Leaving there at about 6, we all walked to the tube station together, then said goodbye to Nic and co and got on a train with Manorborns. It was very busy so lots of head counting going on and no seats. When one did become free Michelle did a lovely job of loudly telling me I had to sit down, since I was carrying my baby, but the man behind her shoved past and took it anyway. Two nice young ladies stood up instead and offered us their seats, then a couple more were vacated at the next stop, until eventually we were all sitting 🙂 We said goodbye to Michelle and C at Holborn and then counted stations to Finsbury Park, where we found a chip shop whose large portions really were (we got three between the six of us and had to throw some away!) and made it to the platform with a few minutes to spare for the 18:58. Sadly no seats to be found, so we parked ourselves in the corridor, spread out a newspaper as a tablecloth and had a feast of chips, red pepper slices and smoothie – is that balanced? At the next stop enough people got off for us to bag 4 seats round a table, but I made what later proved to be the mistake of putting my coat up into the luggage rack out of the way, a thing I never normally do because I am paranoid I will forget it. It turns out I was right to be paranoid 🙁
J and J DSed (My French Coach) while K, L and A (kinda) coloured and I read an abandoned paper (1p a month mortgage anyone?) until we got to our station, where I safely got children and bags off the train but forgot my coat until just a split second too late. We were home and children on the way to bed just a few minutes later; we said they could read for 5 minutes, but I don’t think many of them lasted that long 🙂

7 thoughts on “brass bands, big bangs, many hands…”

  1. Bumped into HE-er friend there who told me he is Polish. Her kids are half Polish so she should know :-).

    Am sorely tempted to cut and paste your account.

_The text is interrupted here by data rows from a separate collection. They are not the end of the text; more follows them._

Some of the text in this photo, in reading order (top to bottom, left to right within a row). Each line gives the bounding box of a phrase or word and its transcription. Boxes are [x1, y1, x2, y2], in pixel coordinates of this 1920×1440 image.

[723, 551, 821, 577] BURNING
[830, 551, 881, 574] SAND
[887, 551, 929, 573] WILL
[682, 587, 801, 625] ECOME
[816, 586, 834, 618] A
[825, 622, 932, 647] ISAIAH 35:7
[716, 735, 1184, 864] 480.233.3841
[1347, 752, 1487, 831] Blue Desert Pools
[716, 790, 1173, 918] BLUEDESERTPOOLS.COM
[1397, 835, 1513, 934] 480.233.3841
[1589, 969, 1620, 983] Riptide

  2. So were you one of those perfect HE types who takes notes? 😉

    Seeing as this is now the official account:
    The first (boyhood) experiment was potassium permanganate and glycerine. This works with just these two; I can’t find out whether the aspirin has anything to do with it.

    The violin-playing time delay colour change is a variation on the Iodine Clock (my dad asked him). Nothing to do with the music, lol, that was just showmanship 🙂

    Had lovely time with A – she felt so very tiny she was easy to carry, and the sling was fine. Slept for 50 minutes, chatted for 20 🙂 On the first floor there are some props used in past Christmas lectures, and the eguides have corresponding videos, so we unplugged the headphones on one eguide (so the sound just comes out!) and watched several of those – she seemed to enjoy them 🙂

  3. Aha – Polish would fit, yes 🙂

    Nope, no notes, hence the gaps!

    I think the aspirin was there in an attempt to discredit the medicines, rather than being needed; certainly the glycerine from cough syrup and the rather sneakily hidden potassium permanganate should be enough. The fact that the aspirin wasn’t broken up or anything, but just sat there still in its coating suggests it wasn’t really part of the experiment!

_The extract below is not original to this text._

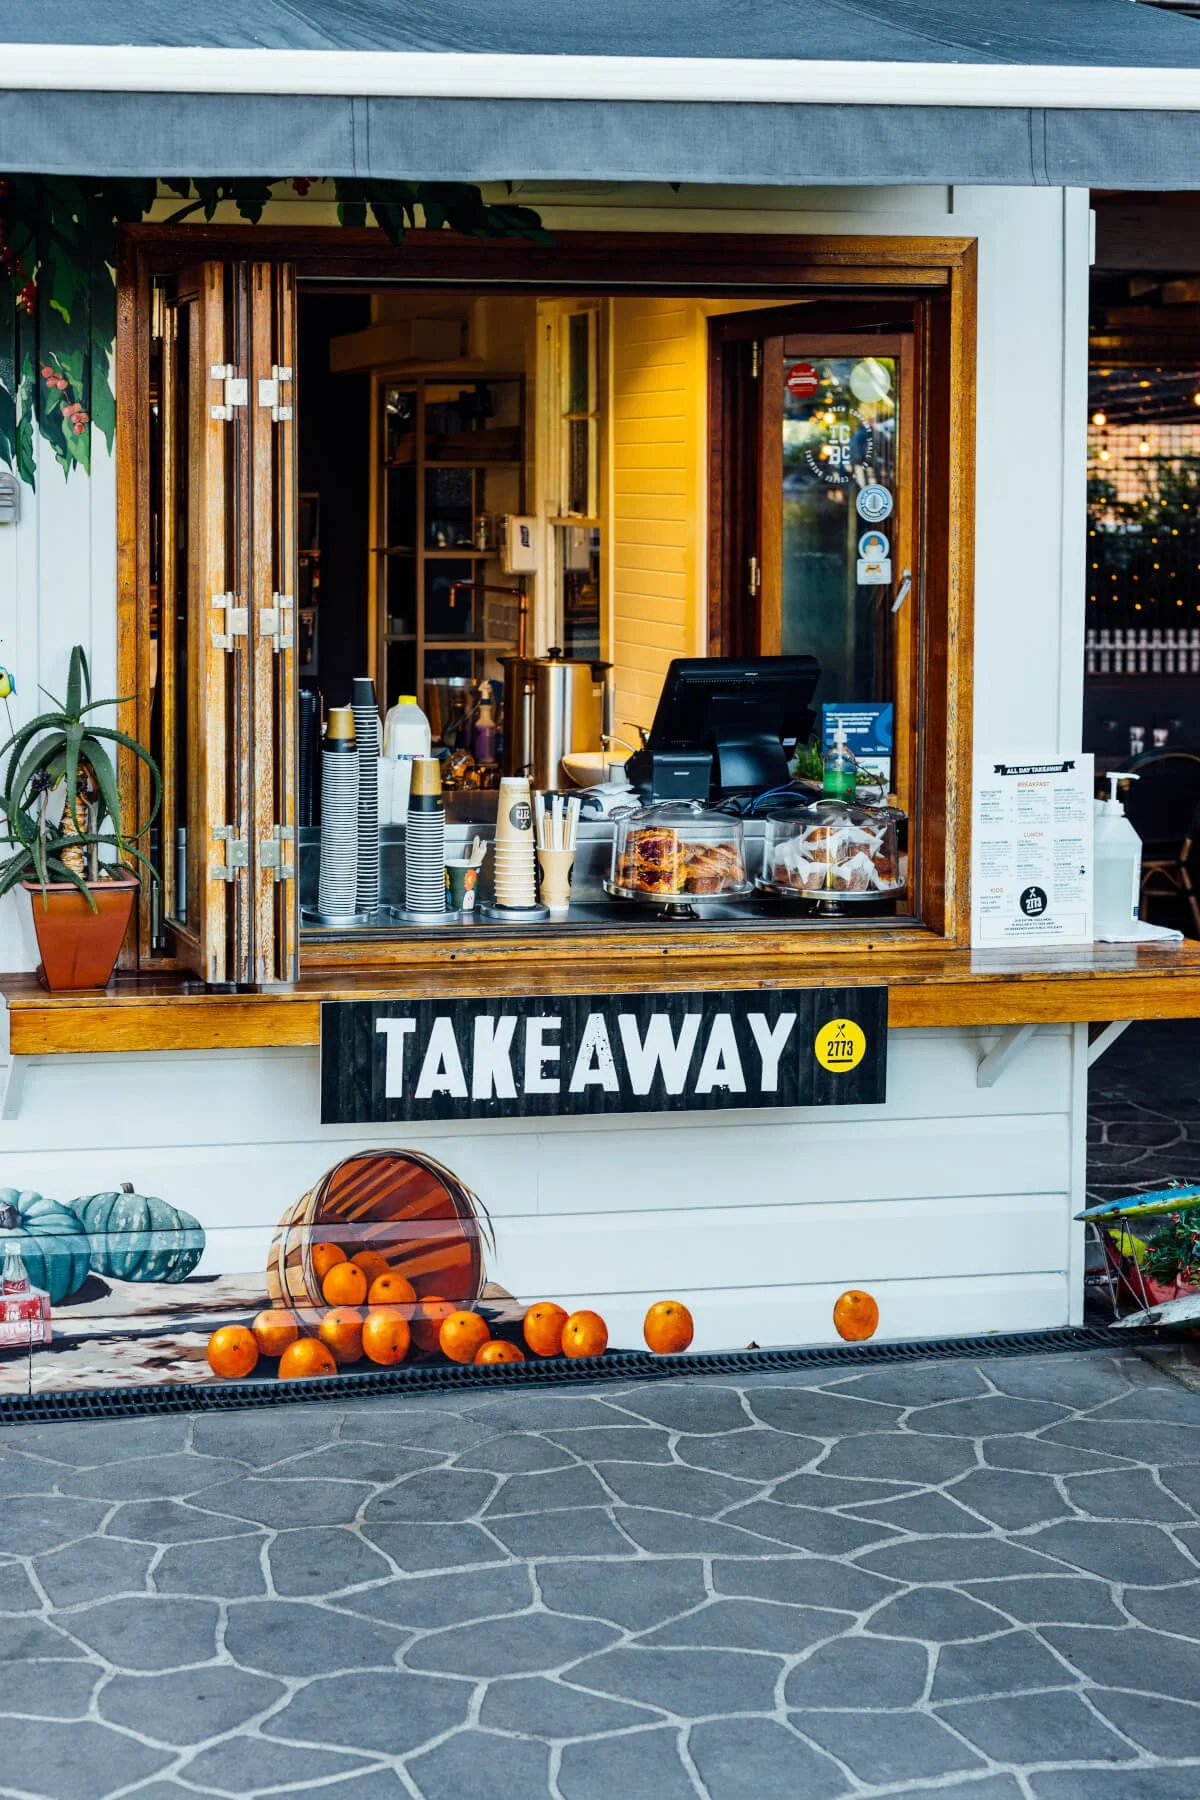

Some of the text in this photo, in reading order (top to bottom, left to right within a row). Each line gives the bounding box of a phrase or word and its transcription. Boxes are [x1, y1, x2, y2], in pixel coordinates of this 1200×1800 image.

[1031, 765, 1063, 773] TAKEAWAY
[1026, 897, 1042, 909] 2773
[827, 1040, 854, 1057] 2773
[375, 1012, 798, 1100] TAKEAWAY

    I did wonder about the music one, and suspected it might be just a delaying tactic; it looked good though 🙂

    I’m glad A was okay. Videos always seem to work as a distraction, along with stories and songs. I often think that if anybody offered her a book and a song she’d go with them without a backward glance – until she suddenly realised I wasn’t there and came out with the “Where’s-a-Mummy doin’?”